Whether it be Kausrud instructing her for the cheer team or them working together to make acro and tumbling the sport APU’s community gladly supports today, Willard always understood Kausrud as a motherly-figure. Through that relationship, the program’s newest head coach was able to witness the former’s cherished ethos of leadership and work ethic. It is something that Willard hopes to mimic.

“She was very determined to get this sport off the ground and make it something that was to be respected on campus. Pulling from that determination is a huge part of my motivation,” Willard said. “And she had an incredible competitive spirit. She instilled that in me, and it is something I continue to try and embody as a coach.”

All of this does not deny the undeniable truth; this transition for Willard will be quite difficult. Along with being asked to lead a squad that was confronted with a devastating tragedy, she will also have to confront the COVID-19 crisis with the possibility of competition among the mats not taking place during the spring.

Similar to what Rudy Carlton is experiencing with the football program, Willard will have to face that potential blockade as a first-year head coach. Certainly, there is room for optimism, as the PacWest Conference Executive Board voted unanimously to allow their programs the chance to return to play. While that decision does not impact acro and tumbling directly, it is proof that there remains a constant effort among collegiate boards, who are associated with the campus, to push for a return of athletics.

“With everything going on with covid, I keep preaching to my athletes that we can only control our current circumstances. There’s nothing we can control in terms of the decisions that will be made about what our season is going to look like. So right now, our team just needs to stay motivated and be proud of what we continue to bring to the table,” she said.

Somehow, the narrative for Willard’s squad continues to evolve even further. Along with all of this, NCATA and the rest of the acro and tumbling community were given the NCAA emerging sport status early in August, meaning that if the spring season does indeed happen, it will be the first where competition will be professionally recognized by the largest collegiate athletic association in the world. 

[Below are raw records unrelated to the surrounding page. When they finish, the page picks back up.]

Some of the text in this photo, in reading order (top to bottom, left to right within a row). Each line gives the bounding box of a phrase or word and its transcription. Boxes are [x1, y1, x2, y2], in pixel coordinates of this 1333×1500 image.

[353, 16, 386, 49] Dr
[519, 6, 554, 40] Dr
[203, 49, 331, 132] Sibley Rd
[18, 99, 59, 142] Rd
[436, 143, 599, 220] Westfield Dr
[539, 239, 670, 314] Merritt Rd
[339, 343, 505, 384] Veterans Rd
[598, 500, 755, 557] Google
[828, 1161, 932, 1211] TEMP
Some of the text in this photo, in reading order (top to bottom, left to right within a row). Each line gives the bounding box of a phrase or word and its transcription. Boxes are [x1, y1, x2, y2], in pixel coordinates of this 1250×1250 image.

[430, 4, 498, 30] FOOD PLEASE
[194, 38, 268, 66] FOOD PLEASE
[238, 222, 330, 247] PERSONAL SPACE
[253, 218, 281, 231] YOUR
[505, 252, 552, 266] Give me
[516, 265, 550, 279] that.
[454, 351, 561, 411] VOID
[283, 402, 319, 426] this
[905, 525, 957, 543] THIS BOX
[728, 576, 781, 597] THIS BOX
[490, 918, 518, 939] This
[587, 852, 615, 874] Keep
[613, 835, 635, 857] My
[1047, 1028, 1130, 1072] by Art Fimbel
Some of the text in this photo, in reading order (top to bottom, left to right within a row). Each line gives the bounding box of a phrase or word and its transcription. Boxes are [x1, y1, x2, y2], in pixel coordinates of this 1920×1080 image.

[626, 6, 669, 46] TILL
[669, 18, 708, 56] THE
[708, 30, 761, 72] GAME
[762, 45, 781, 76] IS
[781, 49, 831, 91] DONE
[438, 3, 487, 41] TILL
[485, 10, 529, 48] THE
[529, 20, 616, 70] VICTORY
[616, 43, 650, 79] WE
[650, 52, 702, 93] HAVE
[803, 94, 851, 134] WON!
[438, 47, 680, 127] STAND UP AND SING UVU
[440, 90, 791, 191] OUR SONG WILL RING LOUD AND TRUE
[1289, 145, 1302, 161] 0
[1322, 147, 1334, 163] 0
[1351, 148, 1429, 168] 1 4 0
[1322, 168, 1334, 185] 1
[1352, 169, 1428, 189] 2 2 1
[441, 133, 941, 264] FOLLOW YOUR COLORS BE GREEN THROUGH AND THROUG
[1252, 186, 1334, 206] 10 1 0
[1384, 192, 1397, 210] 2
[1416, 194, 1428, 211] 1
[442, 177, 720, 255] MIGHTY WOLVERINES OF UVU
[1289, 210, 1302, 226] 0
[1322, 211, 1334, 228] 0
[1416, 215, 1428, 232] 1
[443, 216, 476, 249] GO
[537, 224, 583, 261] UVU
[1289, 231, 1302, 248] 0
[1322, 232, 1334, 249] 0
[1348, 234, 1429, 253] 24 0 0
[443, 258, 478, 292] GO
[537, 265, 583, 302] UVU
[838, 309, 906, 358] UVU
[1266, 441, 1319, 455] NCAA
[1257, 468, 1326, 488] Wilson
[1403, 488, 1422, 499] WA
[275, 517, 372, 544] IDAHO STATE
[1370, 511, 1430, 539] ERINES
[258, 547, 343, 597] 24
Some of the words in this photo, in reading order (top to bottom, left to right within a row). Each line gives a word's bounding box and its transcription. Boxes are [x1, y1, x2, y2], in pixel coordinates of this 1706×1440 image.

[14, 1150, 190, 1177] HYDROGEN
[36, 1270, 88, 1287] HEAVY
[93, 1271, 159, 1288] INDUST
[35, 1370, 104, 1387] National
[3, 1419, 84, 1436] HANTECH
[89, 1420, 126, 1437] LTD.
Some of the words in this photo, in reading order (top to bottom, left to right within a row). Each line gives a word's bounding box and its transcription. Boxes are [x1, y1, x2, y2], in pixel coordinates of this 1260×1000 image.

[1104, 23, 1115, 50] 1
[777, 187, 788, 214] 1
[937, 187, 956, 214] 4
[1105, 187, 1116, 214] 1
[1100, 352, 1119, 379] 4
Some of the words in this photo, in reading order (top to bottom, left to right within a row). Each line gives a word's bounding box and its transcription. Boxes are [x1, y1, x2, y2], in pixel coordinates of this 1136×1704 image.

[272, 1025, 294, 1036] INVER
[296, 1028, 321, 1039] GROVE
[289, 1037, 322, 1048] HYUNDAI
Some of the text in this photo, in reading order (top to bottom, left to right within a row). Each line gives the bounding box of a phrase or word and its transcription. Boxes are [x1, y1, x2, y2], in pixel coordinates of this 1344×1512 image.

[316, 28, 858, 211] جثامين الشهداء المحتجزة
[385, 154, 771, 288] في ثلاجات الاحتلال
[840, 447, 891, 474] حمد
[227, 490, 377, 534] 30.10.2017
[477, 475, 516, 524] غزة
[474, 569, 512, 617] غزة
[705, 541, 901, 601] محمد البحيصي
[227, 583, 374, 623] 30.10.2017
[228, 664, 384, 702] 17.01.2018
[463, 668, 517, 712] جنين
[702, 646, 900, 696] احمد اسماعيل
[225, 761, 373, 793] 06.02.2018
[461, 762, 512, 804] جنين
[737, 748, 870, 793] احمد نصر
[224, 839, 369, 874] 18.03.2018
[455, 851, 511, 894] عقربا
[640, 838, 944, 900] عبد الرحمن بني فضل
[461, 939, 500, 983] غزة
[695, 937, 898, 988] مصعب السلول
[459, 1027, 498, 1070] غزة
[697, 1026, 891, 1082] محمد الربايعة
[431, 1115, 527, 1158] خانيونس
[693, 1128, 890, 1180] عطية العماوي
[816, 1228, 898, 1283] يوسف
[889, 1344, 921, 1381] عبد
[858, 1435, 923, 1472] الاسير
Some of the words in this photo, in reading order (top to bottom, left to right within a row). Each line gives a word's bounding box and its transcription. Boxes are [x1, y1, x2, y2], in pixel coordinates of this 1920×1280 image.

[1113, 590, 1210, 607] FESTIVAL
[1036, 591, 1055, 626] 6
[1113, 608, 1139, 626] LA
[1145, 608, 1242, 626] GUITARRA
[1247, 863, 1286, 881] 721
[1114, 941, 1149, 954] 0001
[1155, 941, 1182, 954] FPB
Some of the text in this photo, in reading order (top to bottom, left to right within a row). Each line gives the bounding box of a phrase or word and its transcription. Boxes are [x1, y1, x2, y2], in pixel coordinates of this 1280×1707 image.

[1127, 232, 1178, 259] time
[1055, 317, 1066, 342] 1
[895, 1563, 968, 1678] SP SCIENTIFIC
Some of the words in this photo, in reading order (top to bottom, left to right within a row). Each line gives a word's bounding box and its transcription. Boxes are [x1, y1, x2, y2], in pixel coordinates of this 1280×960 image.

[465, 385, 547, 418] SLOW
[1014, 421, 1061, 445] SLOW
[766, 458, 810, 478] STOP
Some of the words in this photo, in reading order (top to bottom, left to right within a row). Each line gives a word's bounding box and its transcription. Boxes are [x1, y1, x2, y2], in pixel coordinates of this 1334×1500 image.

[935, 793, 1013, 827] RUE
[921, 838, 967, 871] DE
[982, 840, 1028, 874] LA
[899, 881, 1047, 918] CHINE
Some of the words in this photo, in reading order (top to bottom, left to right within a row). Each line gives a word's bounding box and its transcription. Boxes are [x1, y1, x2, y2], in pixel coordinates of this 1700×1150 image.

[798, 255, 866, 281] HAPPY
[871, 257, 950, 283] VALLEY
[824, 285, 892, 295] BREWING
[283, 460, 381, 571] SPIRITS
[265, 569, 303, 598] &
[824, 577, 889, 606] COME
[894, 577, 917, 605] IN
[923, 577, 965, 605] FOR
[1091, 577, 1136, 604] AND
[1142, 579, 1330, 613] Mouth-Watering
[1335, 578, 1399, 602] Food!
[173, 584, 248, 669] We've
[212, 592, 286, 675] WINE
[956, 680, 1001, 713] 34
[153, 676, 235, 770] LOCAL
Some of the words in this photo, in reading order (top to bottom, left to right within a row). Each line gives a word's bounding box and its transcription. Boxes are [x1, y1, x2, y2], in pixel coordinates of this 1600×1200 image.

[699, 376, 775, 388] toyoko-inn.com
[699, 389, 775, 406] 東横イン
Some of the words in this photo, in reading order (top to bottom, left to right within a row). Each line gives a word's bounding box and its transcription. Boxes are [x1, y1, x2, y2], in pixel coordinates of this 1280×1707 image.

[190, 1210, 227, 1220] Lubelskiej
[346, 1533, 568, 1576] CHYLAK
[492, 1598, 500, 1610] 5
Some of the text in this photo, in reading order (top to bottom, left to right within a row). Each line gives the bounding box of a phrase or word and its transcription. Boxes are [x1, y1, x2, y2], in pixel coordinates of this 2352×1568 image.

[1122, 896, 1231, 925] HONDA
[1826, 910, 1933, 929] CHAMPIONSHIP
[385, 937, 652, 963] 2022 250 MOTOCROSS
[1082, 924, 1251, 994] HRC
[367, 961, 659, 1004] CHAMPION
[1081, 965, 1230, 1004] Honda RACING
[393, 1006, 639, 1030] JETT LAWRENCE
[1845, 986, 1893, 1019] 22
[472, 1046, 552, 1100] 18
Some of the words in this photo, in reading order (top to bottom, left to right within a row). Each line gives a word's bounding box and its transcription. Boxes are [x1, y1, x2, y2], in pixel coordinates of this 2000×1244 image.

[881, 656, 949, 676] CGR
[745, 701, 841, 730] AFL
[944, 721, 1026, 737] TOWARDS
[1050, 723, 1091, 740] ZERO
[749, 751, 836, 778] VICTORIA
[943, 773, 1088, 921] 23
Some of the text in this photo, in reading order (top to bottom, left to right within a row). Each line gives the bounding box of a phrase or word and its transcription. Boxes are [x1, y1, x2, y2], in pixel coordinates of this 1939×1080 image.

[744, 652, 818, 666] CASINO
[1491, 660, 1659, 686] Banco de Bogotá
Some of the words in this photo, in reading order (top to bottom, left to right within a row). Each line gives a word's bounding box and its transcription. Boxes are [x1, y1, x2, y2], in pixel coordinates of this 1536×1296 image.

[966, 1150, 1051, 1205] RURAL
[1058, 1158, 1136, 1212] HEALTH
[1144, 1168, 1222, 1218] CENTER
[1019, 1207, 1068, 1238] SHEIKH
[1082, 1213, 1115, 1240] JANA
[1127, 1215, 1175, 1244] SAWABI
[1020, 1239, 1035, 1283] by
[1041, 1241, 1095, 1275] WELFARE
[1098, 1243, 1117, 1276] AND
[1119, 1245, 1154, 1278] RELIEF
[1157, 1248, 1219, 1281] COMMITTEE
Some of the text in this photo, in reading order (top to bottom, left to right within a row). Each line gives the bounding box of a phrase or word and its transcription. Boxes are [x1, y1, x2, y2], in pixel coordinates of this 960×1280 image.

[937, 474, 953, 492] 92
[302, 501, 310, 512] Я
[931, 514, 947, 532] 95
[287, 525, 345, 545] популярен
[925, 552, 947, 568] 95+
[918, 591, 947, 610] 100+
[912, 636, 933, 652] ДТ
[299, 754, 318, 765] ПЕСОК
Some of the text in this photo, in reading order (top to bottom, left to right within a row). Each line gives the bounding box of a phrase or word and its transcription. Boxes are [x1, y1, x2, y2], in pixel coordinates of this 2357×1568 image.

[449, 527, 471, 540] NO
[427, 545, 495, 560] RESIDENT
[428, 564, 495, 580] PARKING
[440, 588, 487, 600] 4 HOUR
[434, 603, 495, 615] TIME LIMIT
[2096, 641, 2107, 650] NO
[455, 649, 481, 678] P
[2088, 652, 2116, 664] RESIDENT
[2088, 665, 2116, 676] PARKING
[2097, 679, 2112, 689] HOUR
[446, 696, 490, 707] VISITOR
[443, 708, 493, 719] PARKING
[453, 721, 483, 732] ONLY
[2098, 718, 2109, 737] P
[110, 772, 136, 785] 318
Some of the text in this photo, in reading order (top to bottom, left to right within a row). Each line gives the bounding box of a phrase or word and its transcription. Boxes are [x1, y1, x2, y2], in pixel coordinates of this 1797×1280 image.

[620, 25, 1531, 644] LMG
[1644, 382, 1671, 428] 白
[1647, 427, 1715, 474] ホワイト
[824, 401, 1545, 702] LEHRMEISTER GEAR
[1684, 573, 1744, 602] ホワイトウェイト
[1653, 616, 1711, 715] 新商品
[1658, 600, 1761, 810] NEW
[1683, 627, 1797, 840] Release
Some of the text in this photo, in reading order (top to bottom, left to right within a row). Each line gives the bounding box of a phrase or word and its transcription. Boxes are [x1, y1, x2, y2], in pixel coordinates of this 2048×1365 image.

Despite all the circumstances surrounding the program’s newest hire, there remains one thing that holds importance above anything else: the heart and spirit of her departed mentor. Willard watched her lead for over a decade. She noticed her ability to place an emphasis on her athletes and doing so through a Christ-like mentality. Yet she did not just stand as an observer. Willard learned how to apply those mentalities in her coaching style. This is why, for Pine, the hire was an easy choice. She is ready to guide the program further.

“Colleen never needed the spotlight. She loved coming alongside her athletes and serving them rather than herself. You would always feel her presence but she was never the loudest one in the room,” Willard said. “That ability of servant leadership is what I strive for – to serve others first.”

People always note that story is in everything. This could not be more true for Willard and her team. Right now, it is a story of great pain. The arc, however, has not been completed. The climax will be seen when those ladies go out and compete to honor the legacy and tradition of a program that Krausard spent an entire decade erecting.

With Willard at the helm, there is little doubt from the APU family that this story will have a wonderful ending.